How to complete this task
Every line of the listing is returned unchanged, and every picture is dropped.

Data excerpts
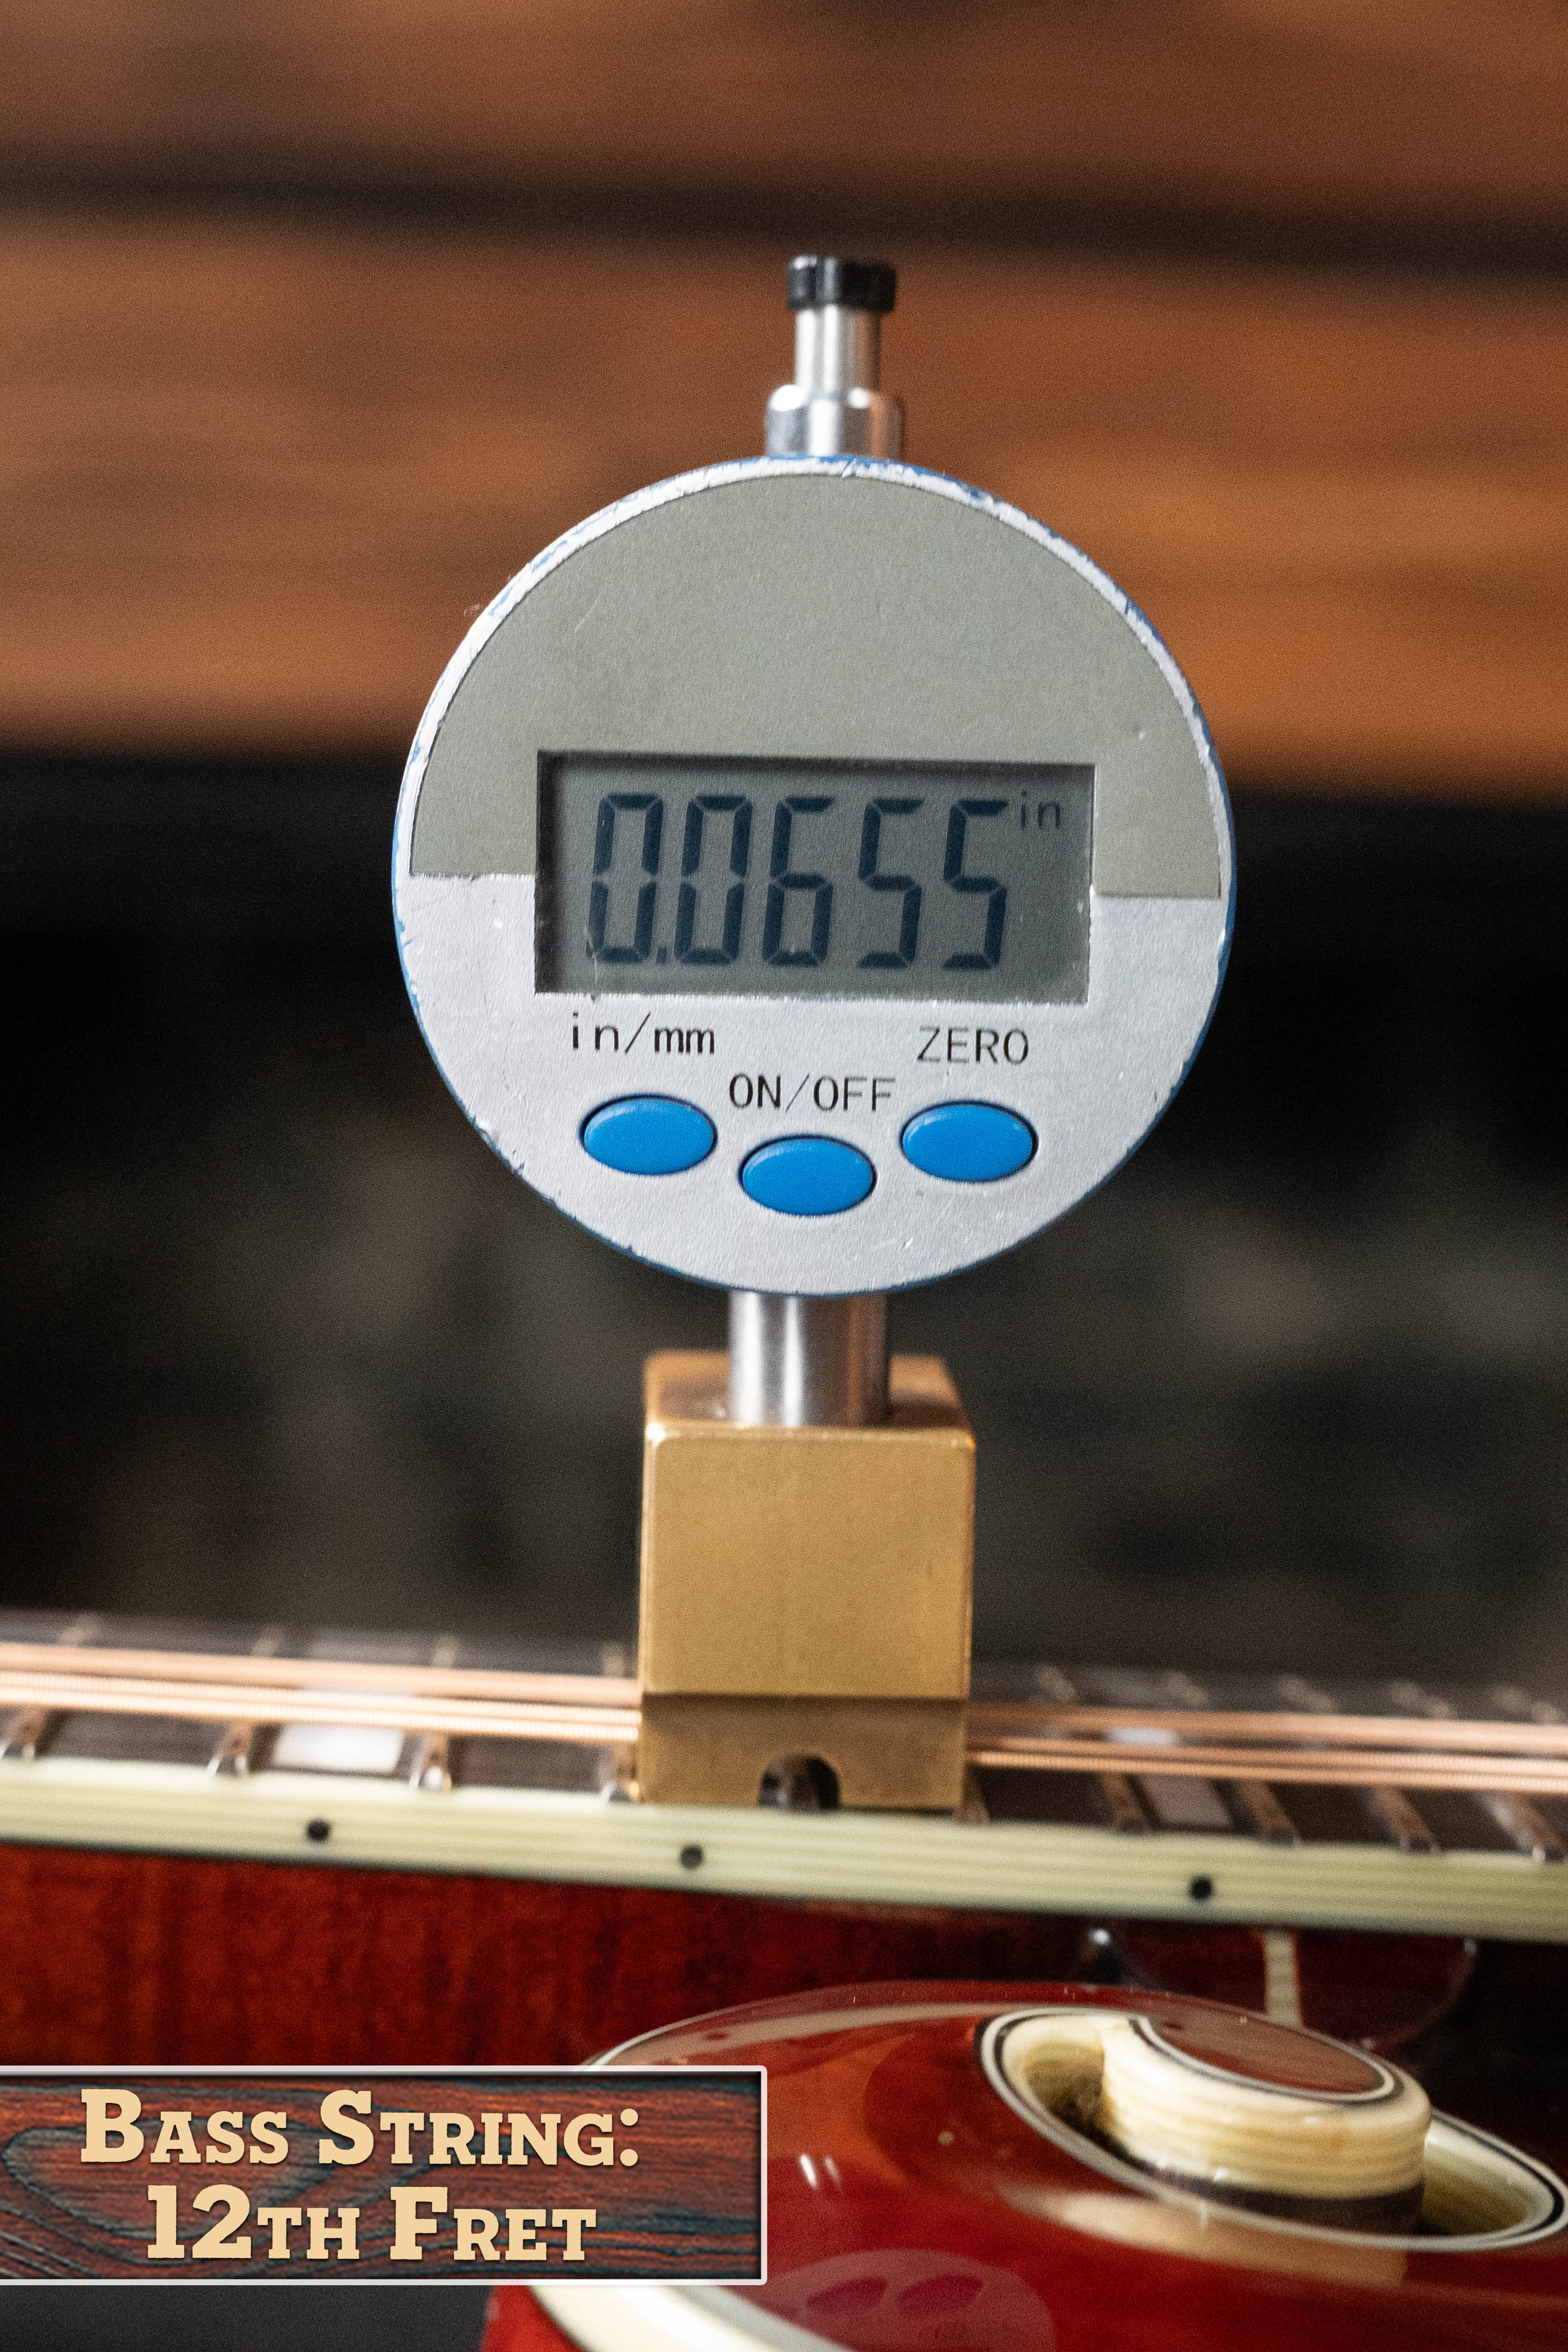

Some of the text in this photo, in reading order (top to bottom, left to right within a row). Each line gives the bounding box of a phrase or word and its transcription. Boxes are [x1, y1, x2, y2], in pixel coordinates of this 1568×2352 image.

[1019, 790, 1062, 830] in
[571, 1011, 716, 1055] in/mm
[916, 1026, 1030, 1065] ZERO
[728, 1073, 896, 1112] ON/OFF
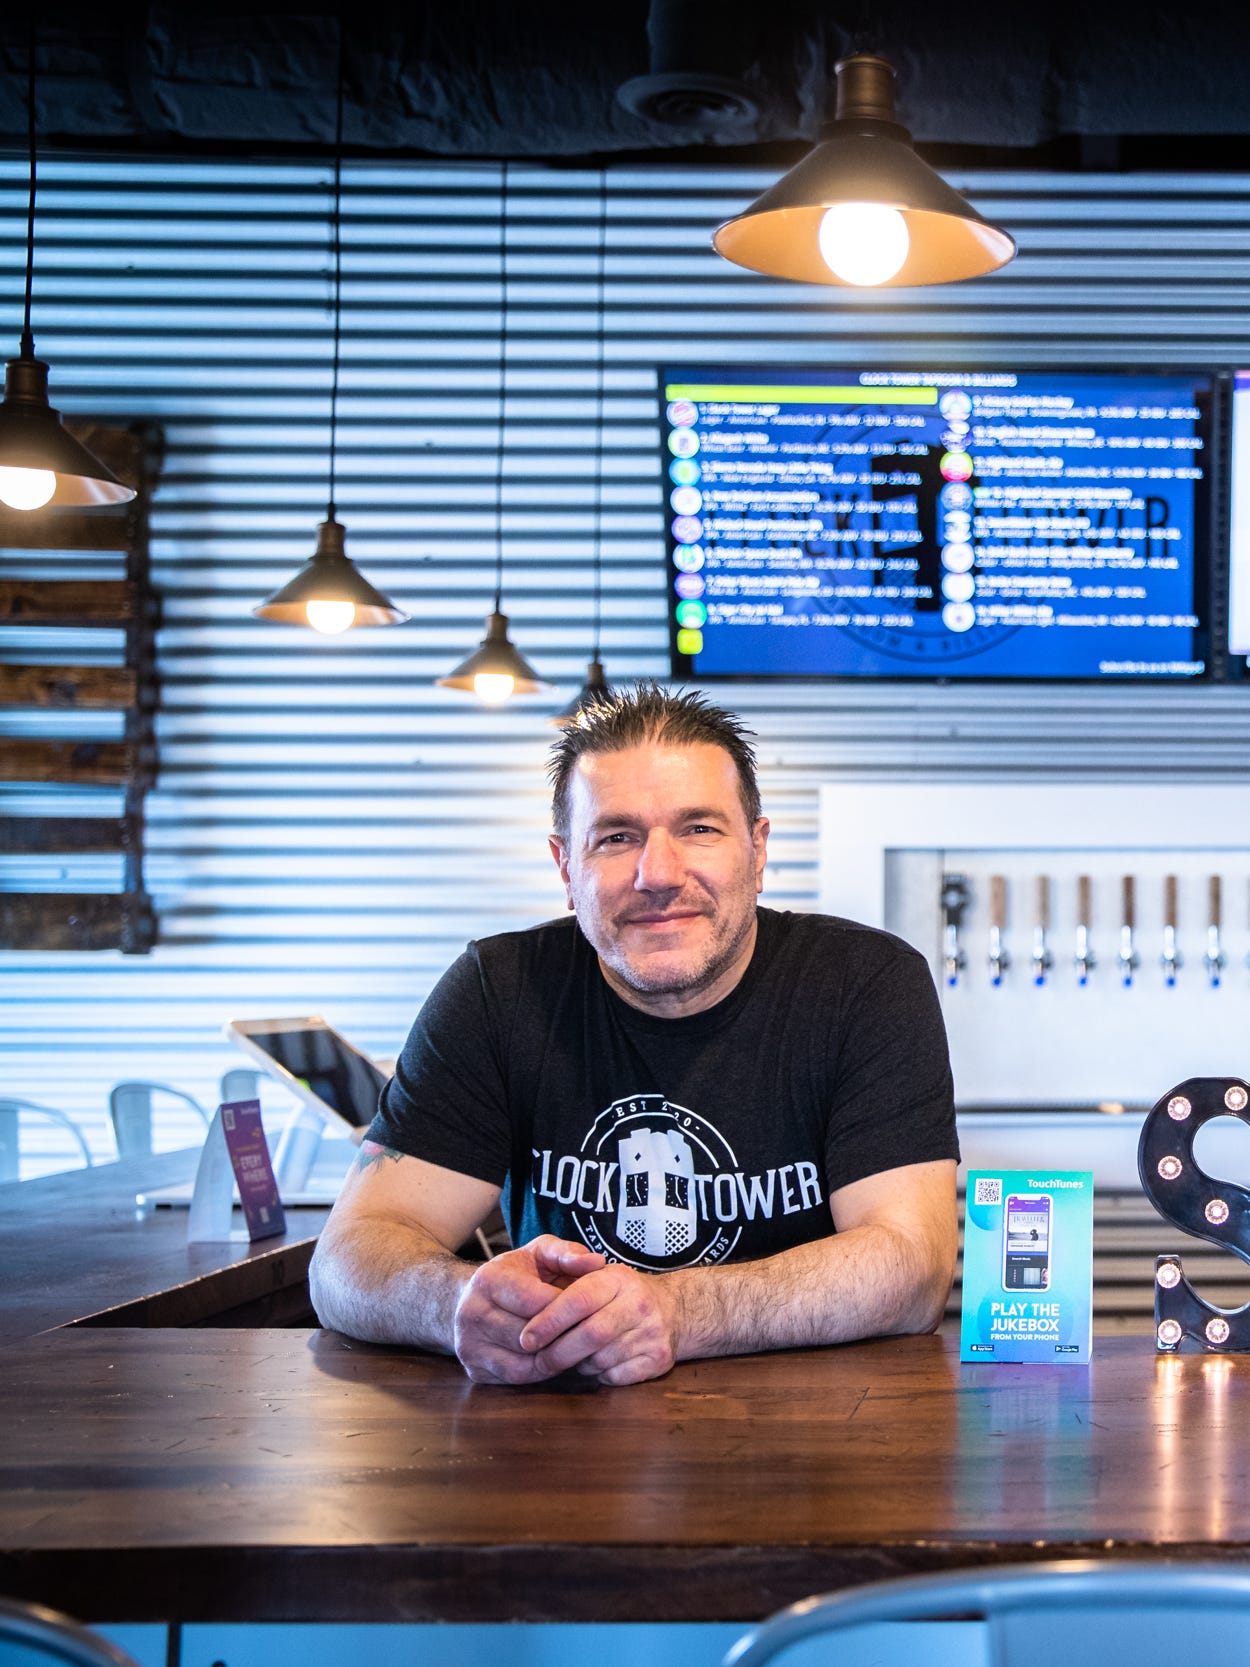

Result below
Some of the text in this photo, in reading order (top to bottom, left to right within a row). Each line gives the bounding box of a phrase or word and its transcription. Boxes are [x1, y1, x2, y2], in pixel coordinates of this 1568×2352 image.

[1019, 790, 1062, 830] in
[571, 1011, 716, 1055] in/mm
[916, 1026, 1030, 1065] ZERO
[728, 1073, 896, 1112] ON/OFF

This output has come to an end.